We regularly hear people now talk of the ‘new normal’; a phrase that somehow
predicts a different sort of future to the one we were expecting. Whether or not some of these predictions of
changed behaviour stick around once ‘Start Up’ is with us is something we’ll
just have to wait and see.
Many ministers of my generation have seen one of their raison d’etre as being that
of ‘change makers’ in Baptist churches.
I’m not sure I’m a paid up member of that group, but it’s certainly true
that over the last thirty years, since my ordination, the worship life of
Baptist Union congregations has changed almost beyond recognition (excepting
AFC perhaps – Hallelujah for that, and thank God for the URC!).
Recently another, and I think more balanced, way of thinking has emerged and is
called (because everything has to have a snappy name these days) ‘Ancient-Future
Worship’. I think this is,
potentially, a much healthier way forward for The Church; one that values and
recognises both traditional and contemporary worship styles rather than seeing
them as mutually exclusive.
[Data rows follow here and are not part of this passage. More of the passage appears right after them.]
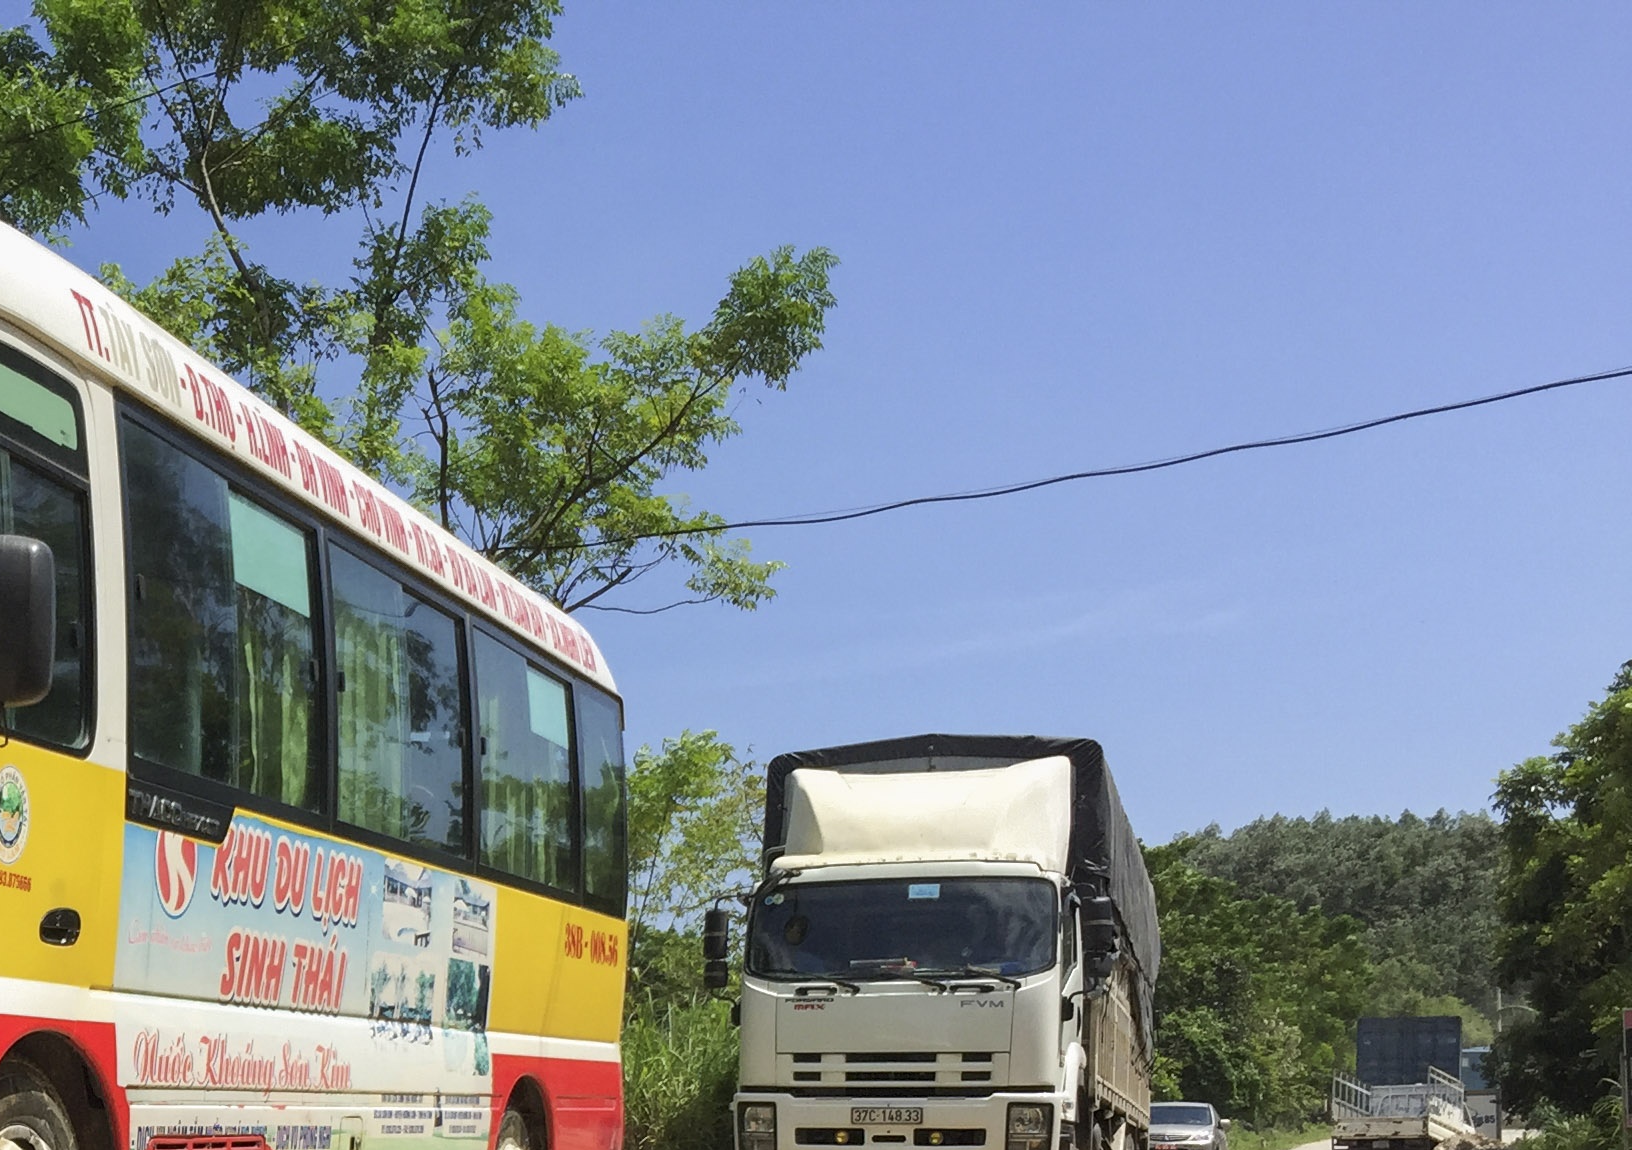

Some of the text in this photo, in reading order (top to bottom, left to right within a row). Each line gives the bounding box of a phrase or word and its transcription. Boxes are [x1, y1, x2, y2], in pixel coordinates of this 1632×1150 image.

[212, 824, 271, 906] KHU
[274, 836, 310, 915] DU
[311, 847, 363, 936] LỊCH
[220, 926, 287, 1007] SINH
[290, 930, 347, 1014] THÁI
Indeed in
2018 the Bishops of the Church of England advocated this Ancient -Future
approach and wrote: There is a role for both traditional forms in all dioceses
and in most areas.
As I contemplate the future, after the Virus, I find myself wanting to
return to life pretty much as it was before.
I think most of what we were about was authentic and valuable. I’ve no doubt that we have discovered new
ways of being and some of this can be included into our future. But basically, I believe what we came from is
something I would willingly return to.
Perhaps the point is that, in the meantime, I will have changed. Living through Coronavirus will have changed
us all and, pray God, reminded us again of the value of that which we have
appreciated for a long time, and surprised us with the new treasures that could
potentially enhance all our tomorrows.
We can all be Ancient-Future people!